Dataset entries:
*****
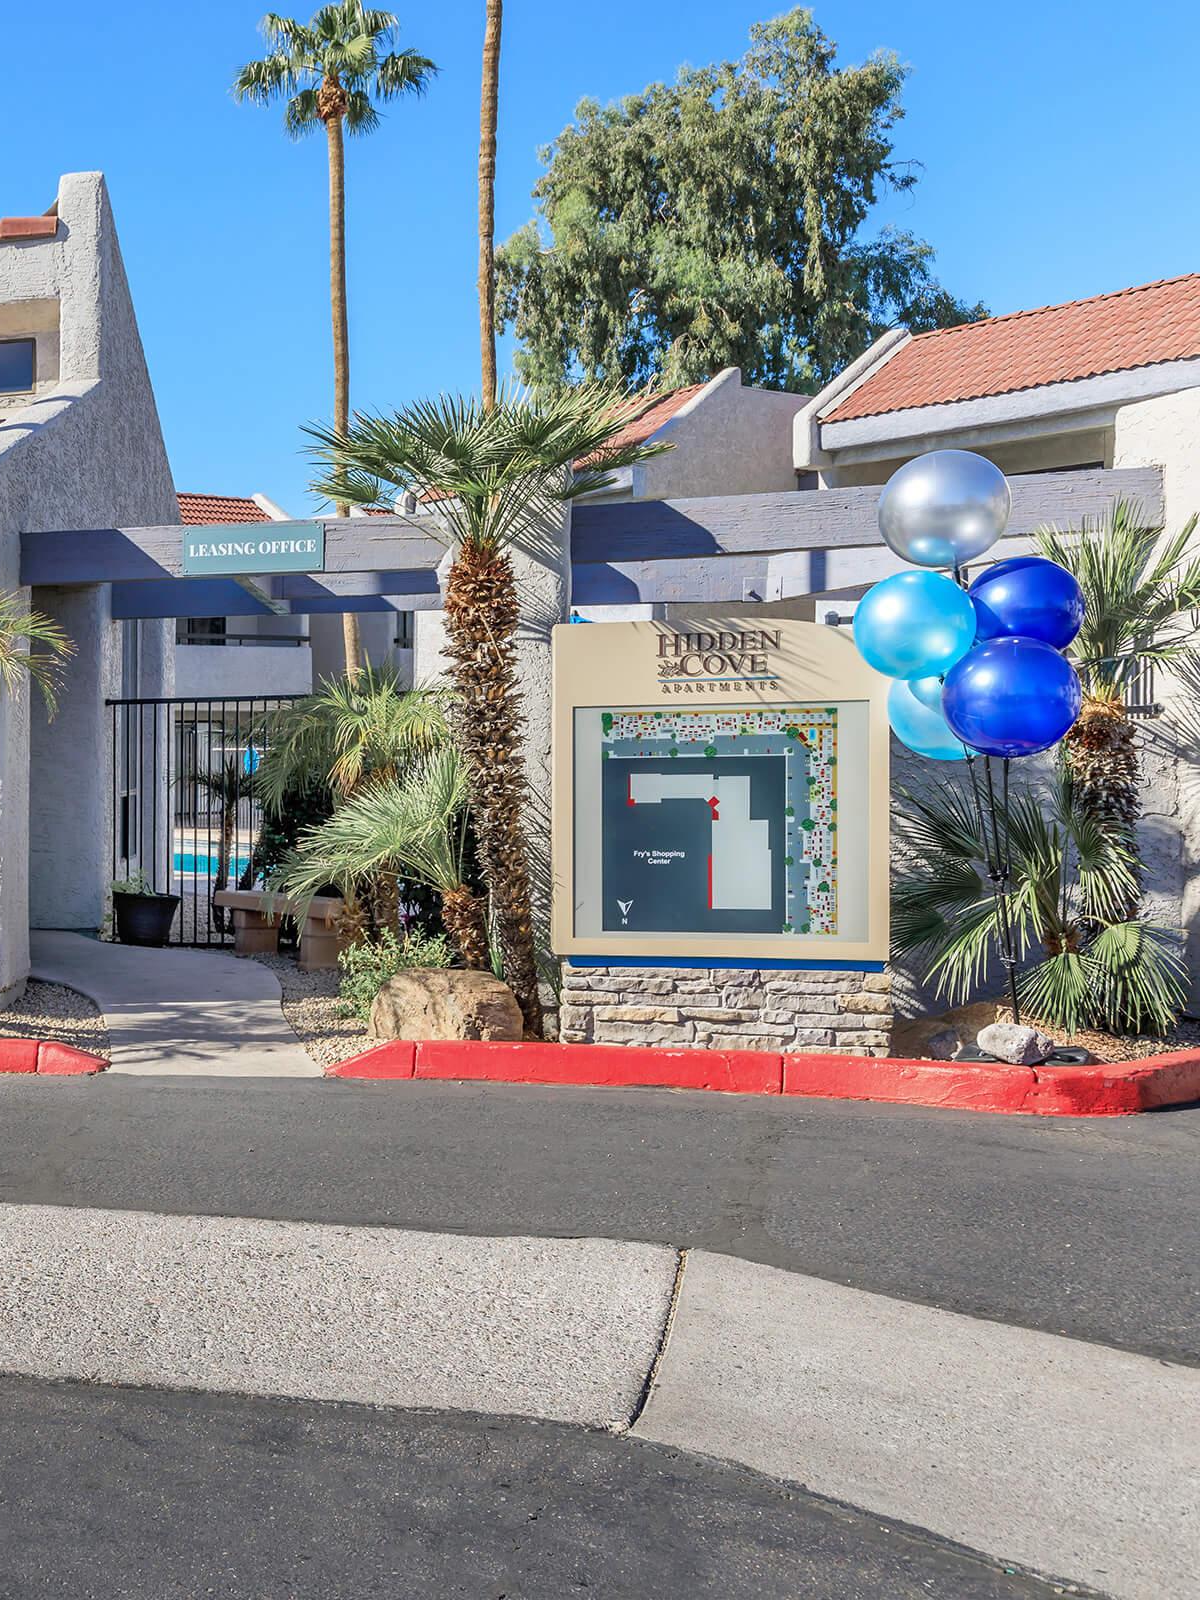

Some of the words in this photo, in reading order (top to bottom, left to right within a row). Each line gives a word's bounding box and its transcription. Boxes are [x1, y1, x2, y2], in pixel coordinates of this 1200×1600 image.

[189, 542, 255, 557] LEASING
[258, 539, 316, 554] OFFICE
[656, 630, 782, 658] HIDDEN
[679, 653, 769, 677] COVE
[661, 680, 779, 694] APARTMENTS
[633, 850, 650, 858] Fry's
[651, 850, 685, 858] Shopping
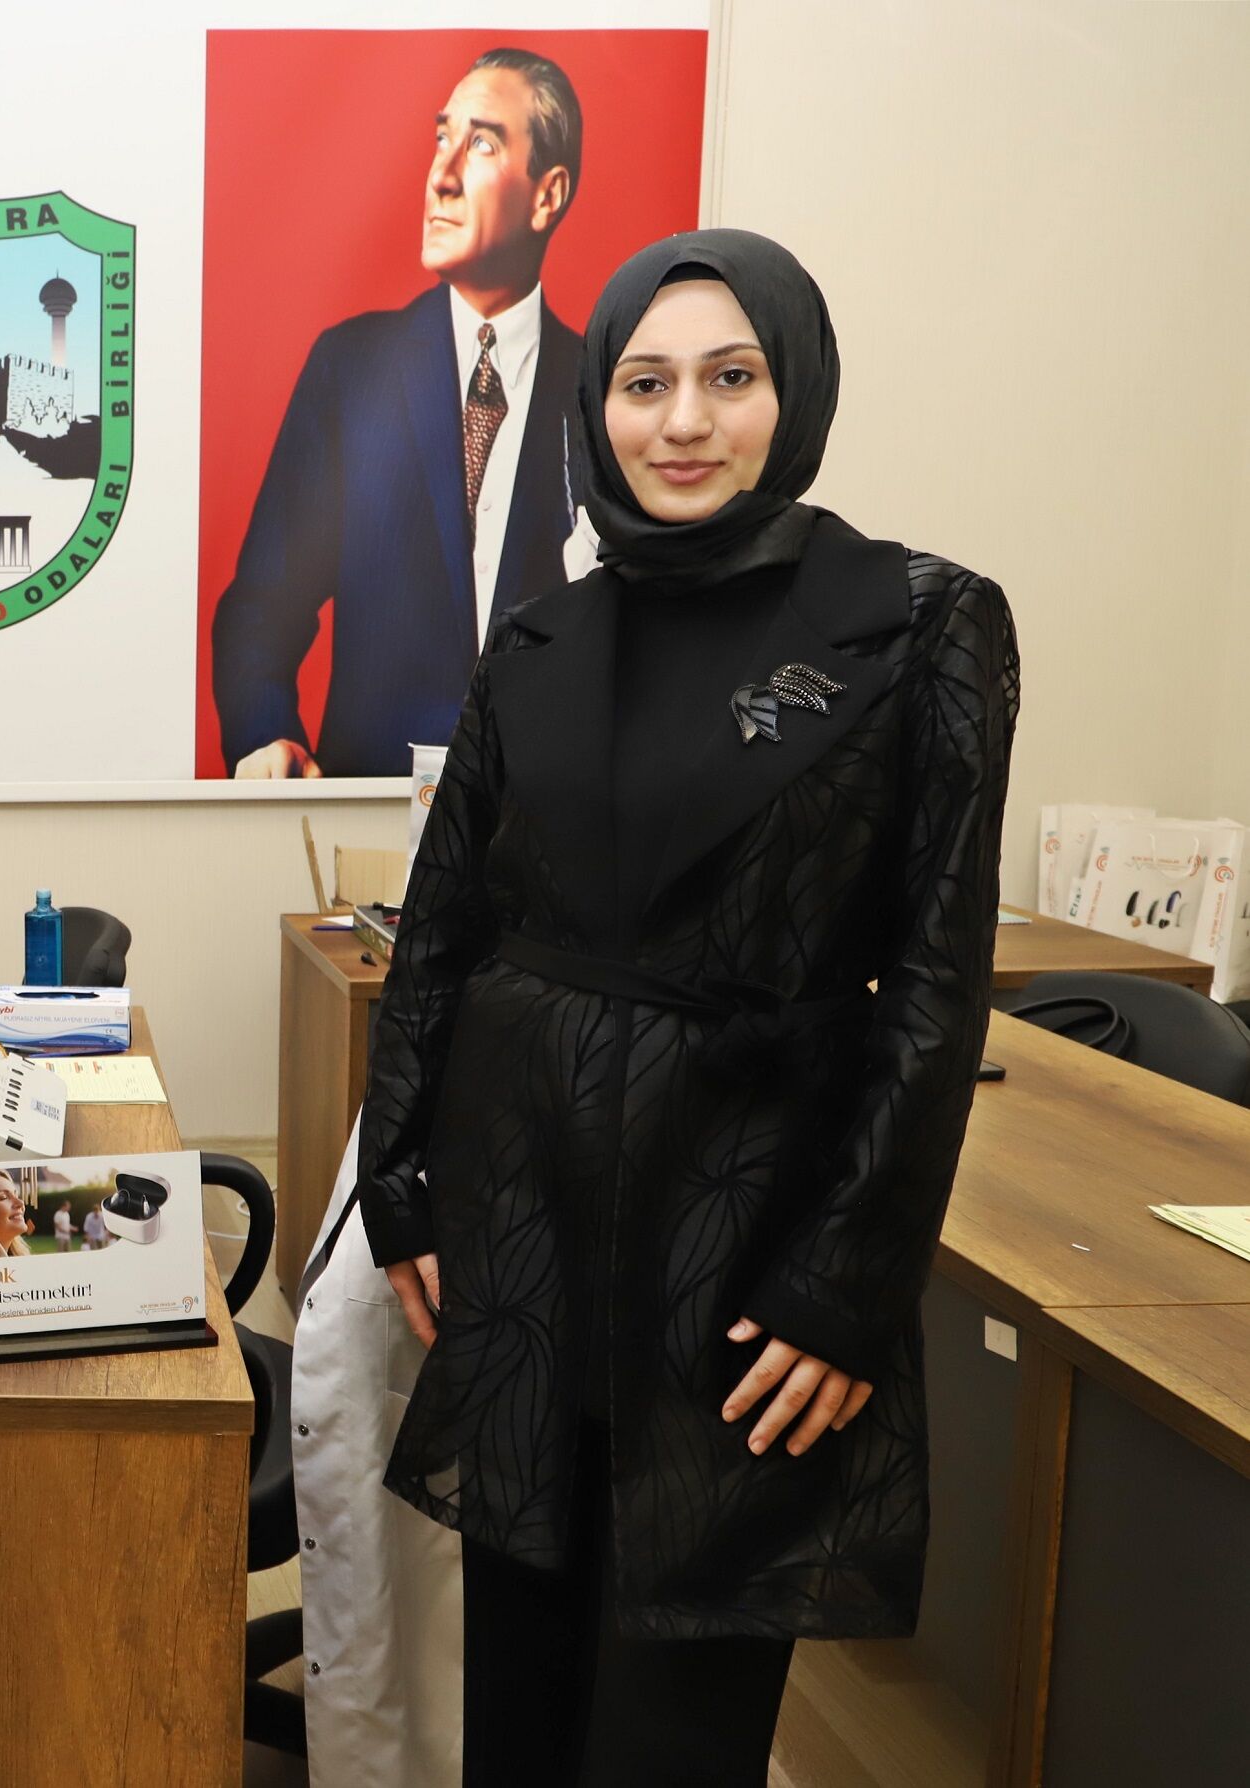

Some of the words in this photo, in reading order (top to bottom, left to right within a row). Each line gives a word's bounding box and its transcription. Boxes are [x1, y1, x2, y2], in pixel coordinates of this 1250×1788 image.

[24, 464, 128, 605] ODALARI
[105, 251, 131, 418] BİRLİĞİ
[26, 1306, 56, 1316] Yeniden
*****
* [Exercise]: Quote the records above in full, dropping each picture.

* [Result of this task]:
Some of the words in this photo, in reading order (top to bottom, left to right within a row). Each line gives a word's bounding box and its transcription. Boxes are [x1, y1, x2, y2], in pixel coordinates of this 1200×1600 image.

[189, 542, 255, 557] LEASING
[258, 539, 316, 554] OFFICE
[656, 630, 782, 658] HIDDEN
[679, 653, 769, 677] COVE
[661, 680, 779, 694] APARTMENTS
[633, 850, 650, 858] Fry's
[651, 850, 685, 858] Shopping

Some of the words in this photo, in reading order (top to bottom, left to right within a row). Each line gives a word's bounding box and its transcription. Boxes are [x1, y1, x2, y2], in pixel coordinates of this 1250×1788 image.

[24, 464, 128, 605] ODALARI
[105, 251, 131, 418] BİRLİĞİ
[26, 1306, 56, 1316] Yeniden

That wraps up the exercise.